On continued the journey to the sacred site, trudging forth the change in scenery was gradual but the change in conversation was constant. The end of the Clerk’s tale brought with it much chatter. The only one who spoke not was the brooding Merchant. Misery consumed him until it forced him to speak.

“A life of sorrow belongs to me. In my head I wail and weep,” said the Merchant. “Married life is not for me for my wife is worse than the devil.” At this there was much wincing, to take the devil’s name in vain would surely summon him from the depths of his fiery abode. Magic he could wield in abundance and peasants, like those who travelled the dreary path to Canterbury, had not a wisp of the ethereal power to protect them.

“The woman is malicious and no better than a shrew. Why I married her I do not remember but regret is with me every day. There is much difference between my wife and the Clerk’s.” As the Merchant paused once more for breath he noted the incredulous looks on the faces of his companions. They found him hard to believe and this only angered the Merchant more. “What I say is the truth; the gods should shield men from this hell. These past two months have been the worst.”  

 At this laughter rumbled throughout the peasants. How can a husband of two months be any judge of married life? When the mirth had faded attention had turned back to the story-telling competition. So far the Miller had garnered the most support and many were curious to know if it could be beaten. Troubles were forgotten in the midst of the tales and with each story the sacred site felt closer, despite the miles that still separated them.

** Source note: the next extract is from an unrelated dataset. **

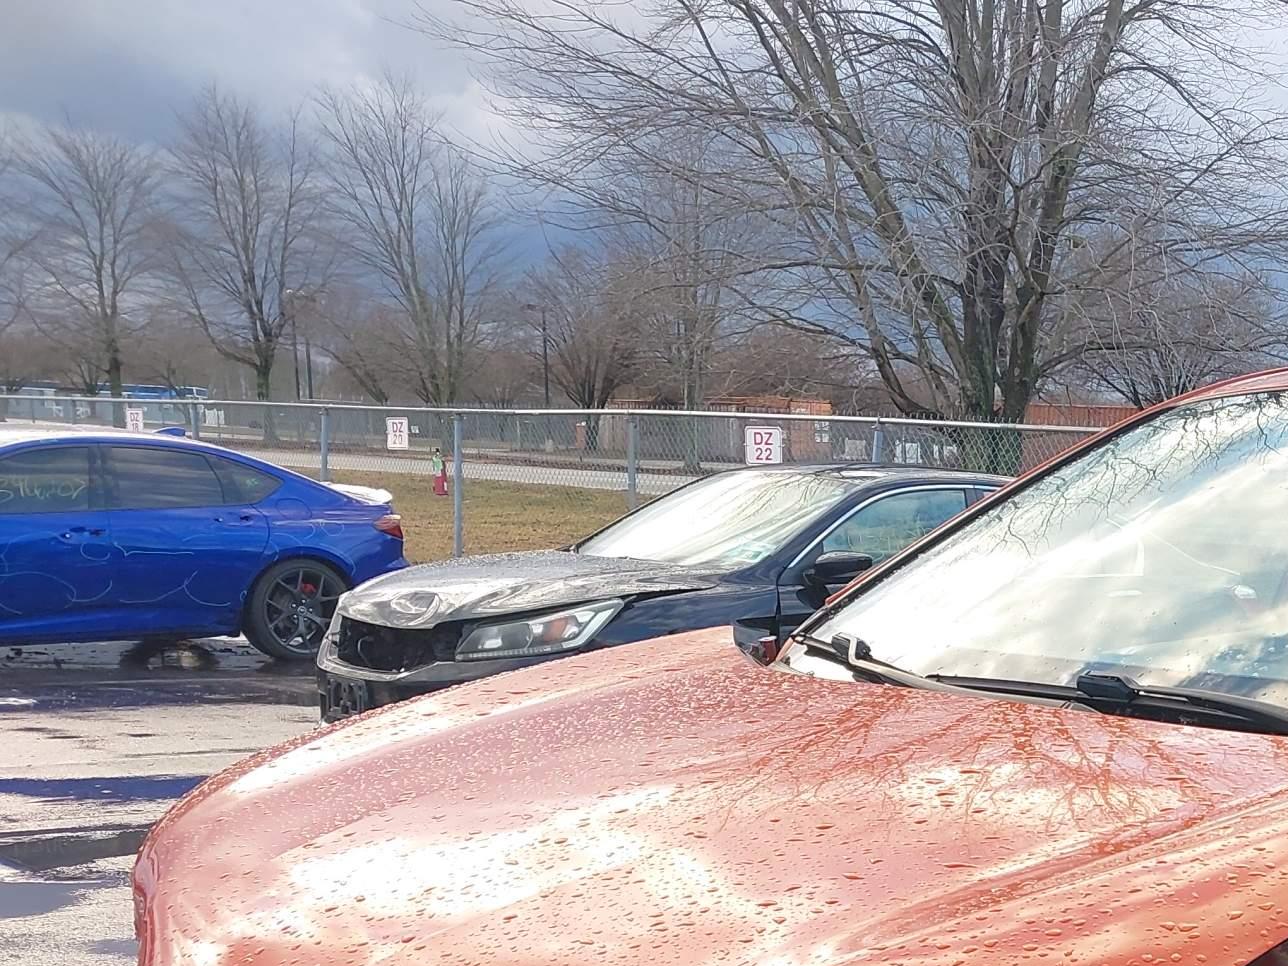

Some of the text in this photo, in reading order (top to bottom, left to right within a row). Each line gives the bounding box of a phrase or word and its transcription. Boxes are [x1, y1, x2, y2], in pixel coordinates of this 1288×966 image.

[391, 421, 404, 433] DZ
[753, 431, 774, 446] DZ
[755, 447, 773, 461] 22
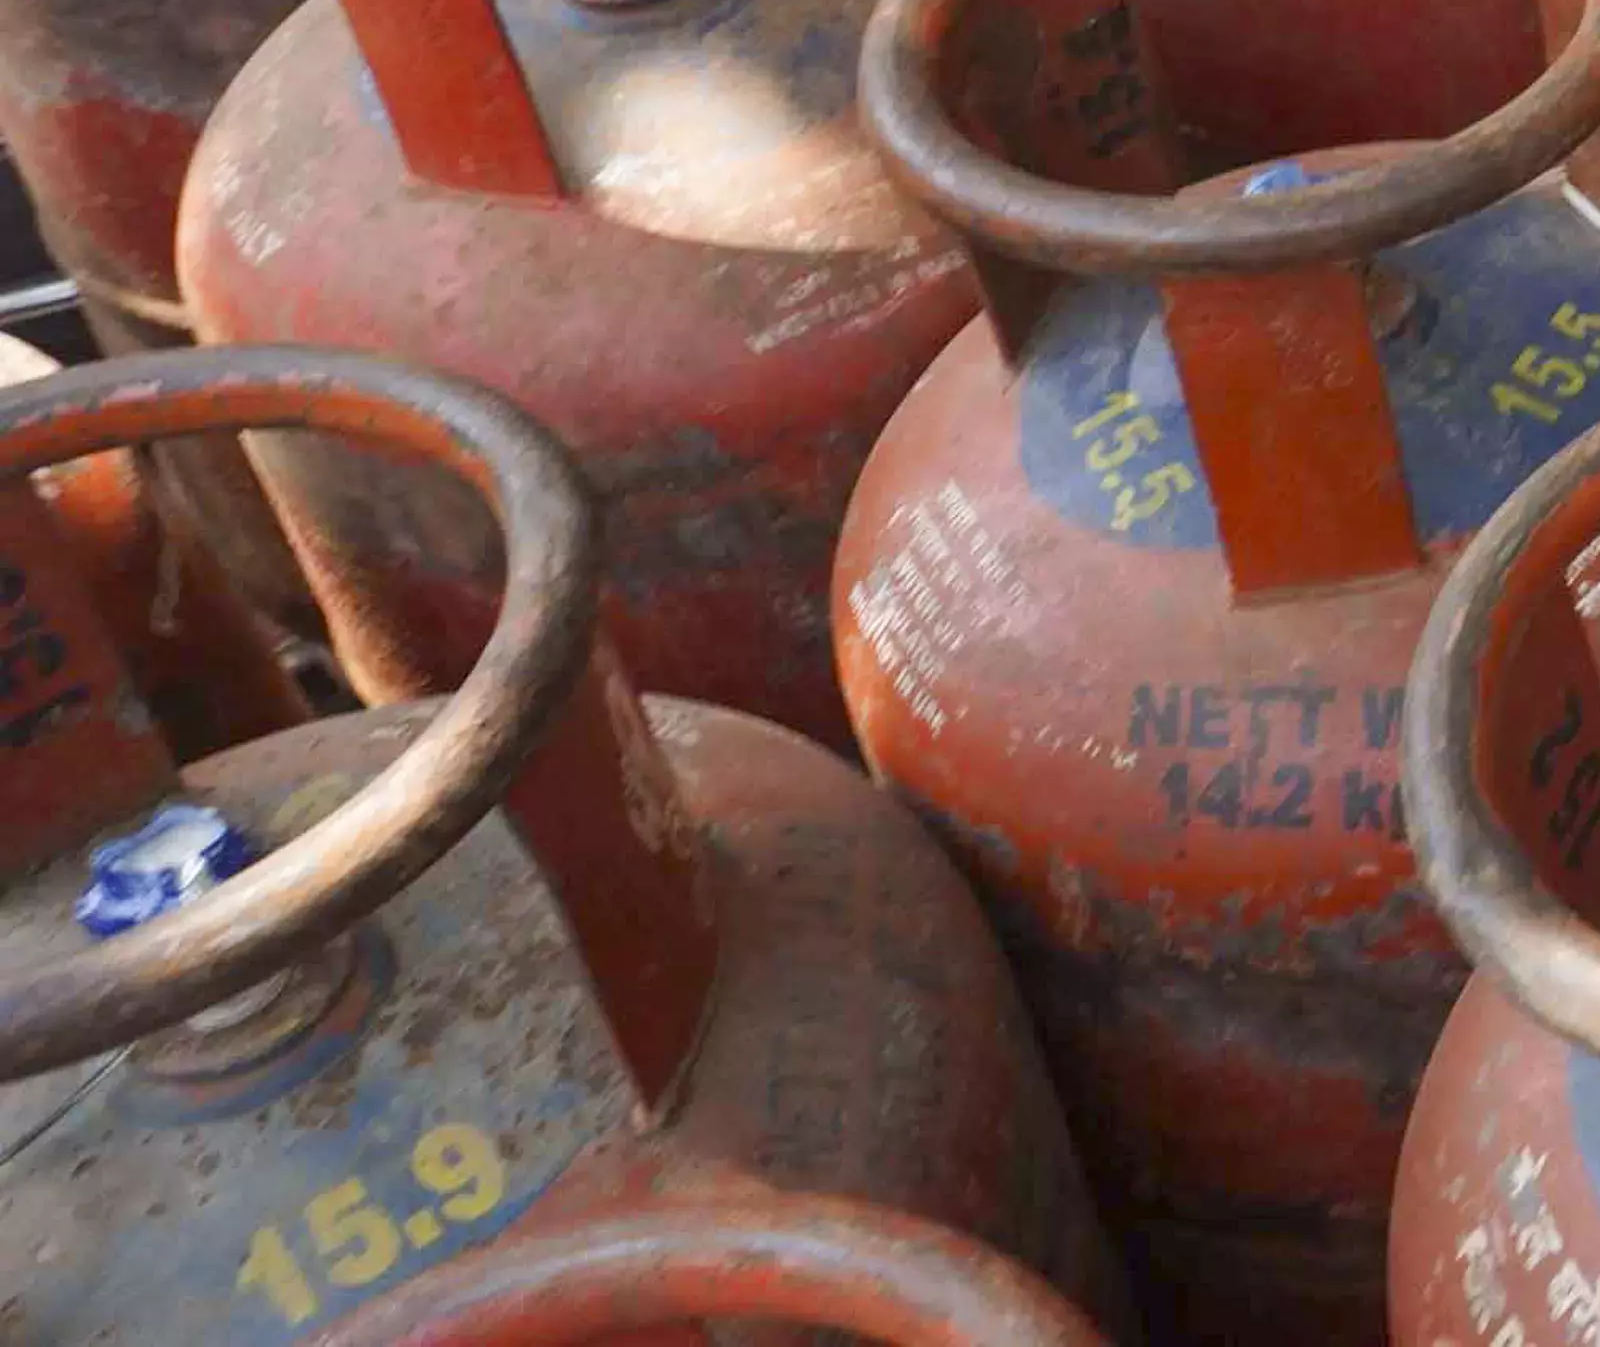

Emboldened by their attitude the Merchant yelled: “I will tell you a story. I will show you what marriage really is. I will show you what fools you are. For I tell you now of an old knight, entrusted with the power of magic, named Januarie and a wicked young maiden called May.”

 

‘Weping and wailing, care and oother sorwe

I knowe ynogh, on even and a-morwe,’

Quod the Merchant, ‘and so doon other mo

That wedded been. I trowe that it be so,

For wel I woot it fareth so with me.

I have a wyf, the worste that may be;

For though the feend to hire ycoupled were,

She woulde him overmacche, I dar wel swere.

What sholde I yow reherce in special

Hir hye malice? She is a shrewe at al.

Ther is a long and large difference

Bitwix Grisildis grete pacience

And of my wyf the passing crueltee.

Were I unbounden, also moot I thee,

I wolde nevere eft comen in the snare.

We wedded men liven in sorwe and care.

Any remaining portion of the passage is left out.